There's a reason you're holding this guide right now. Perhaps you're looking for a deeper understanding of the coffee you drink each morning. Maybe you're searching for that perfect cup that brings comfort on difficult days.
Whatever brought you to these pages, welcome. I'm Betty Martinez, owner of the Smiling Dog Café in Brooklyn, and I believe that coffee, like healing, is both science and art. It requires precision and patience, but also intuition and heart.
In my thirty years as a grief counselor before opening the café, I learned that people need different things at different moments. The same is true of coffee. Sometimes we need the bright clarity of a light roast to help us face new beginnings. Other times, we need the deep comfort of a dark roast to hold us through difficult nights.
This guide focuses on coffee beans - their origins, characteristics, and the stories they carry within them. The beans are just the beginning of our journey together, but they're the foundation upon which every meaningful cup is built.

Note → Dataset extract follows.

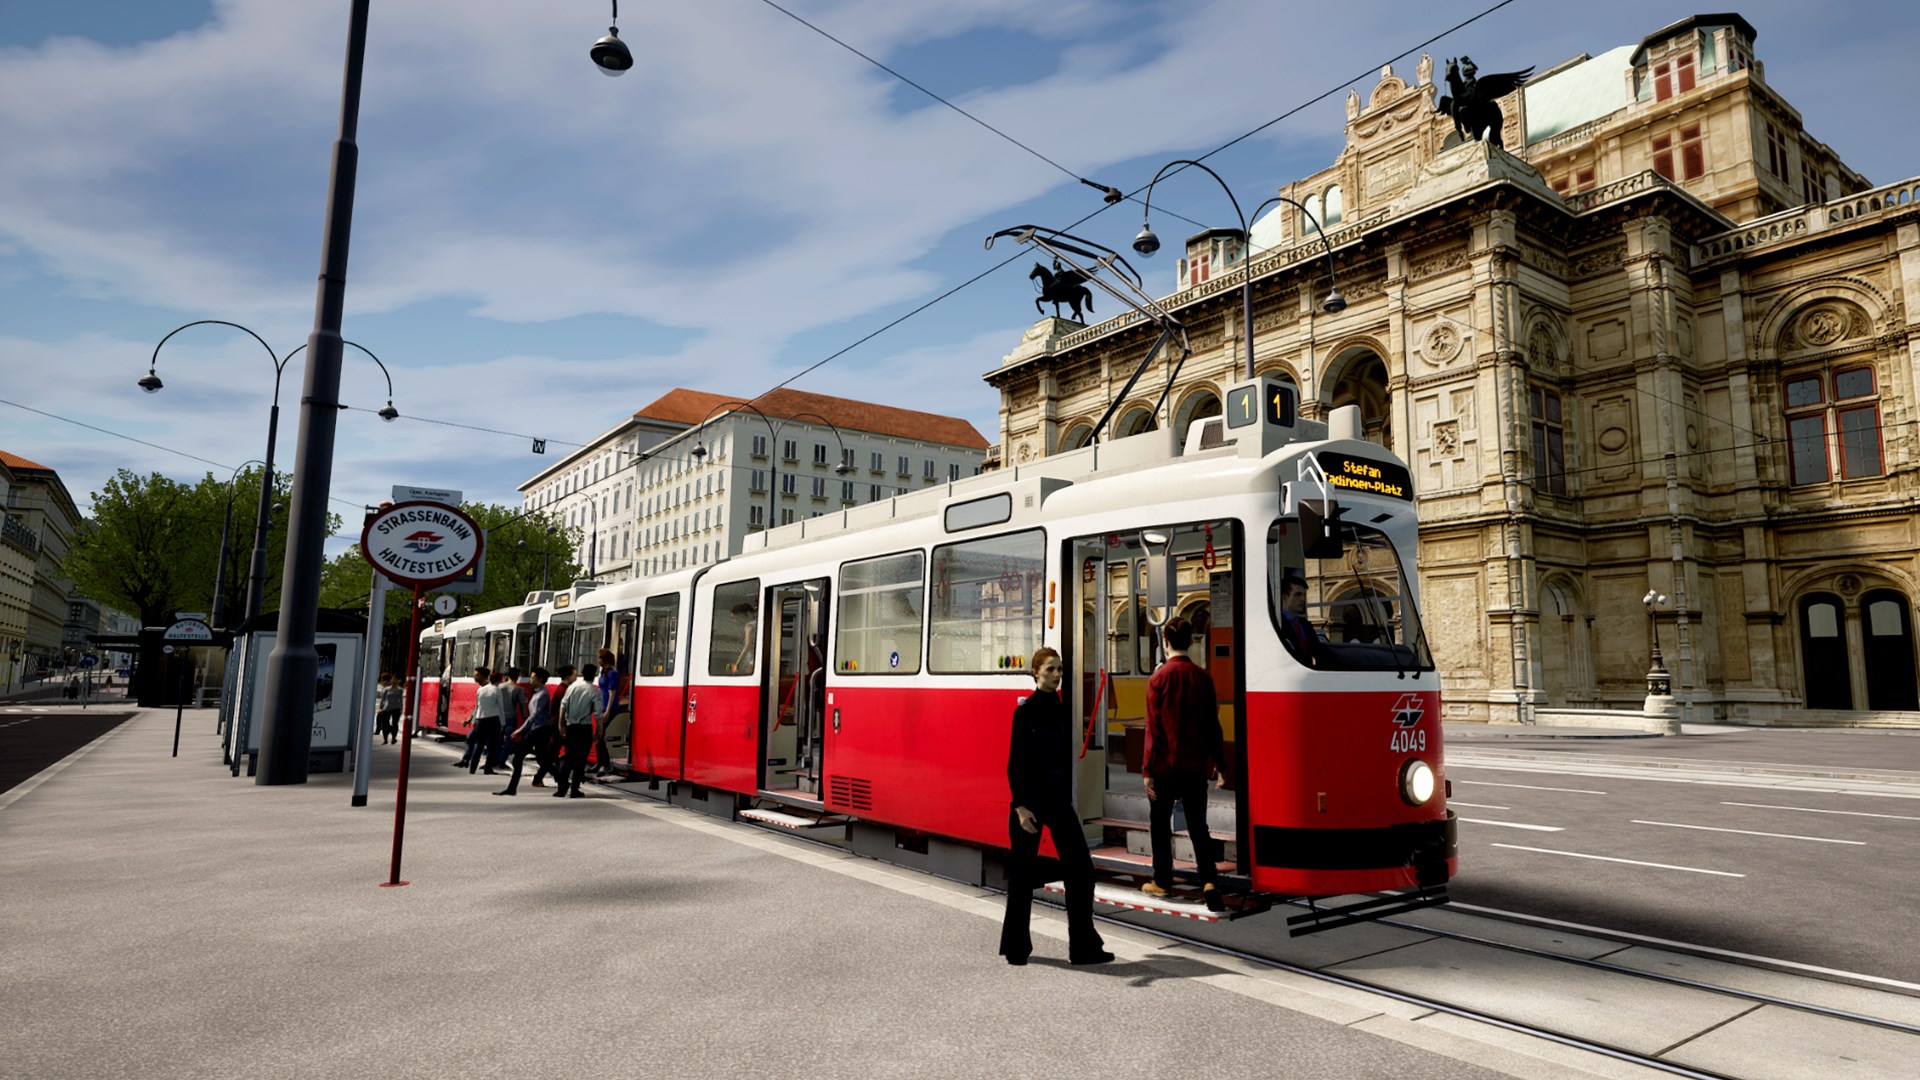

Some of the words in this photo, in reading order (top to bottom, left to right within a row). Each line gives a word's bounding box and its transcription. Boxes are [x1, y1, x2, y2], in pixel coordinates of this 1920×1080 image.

Understanding Coffee Beans: The Heart of Every Cup
Coffee beans aren't really beans at all. They're the seeds of coffee cherries, fruits that grow on small trees in specific regions around the world. Like people, these seeds carry the legacy of their origins - the soil that nourished them, the rainfall that quenched their thirst, the sunlight that warmed them through seasons of growth.
When we roast these seeds, we're helping them transform their stored potential into something that can nourish others. The heat reveals qualities that were always present but hidden, brings forward notes of chocolate or fruit or spice that tell the story of where they came from and how they grew.
Every coffee bean carries its own particular wisdom. Learning to listen to what each one has to tell us is part of the journey toward that perfect cup - the one that speaks directly to you, in your own language of comfort and joy.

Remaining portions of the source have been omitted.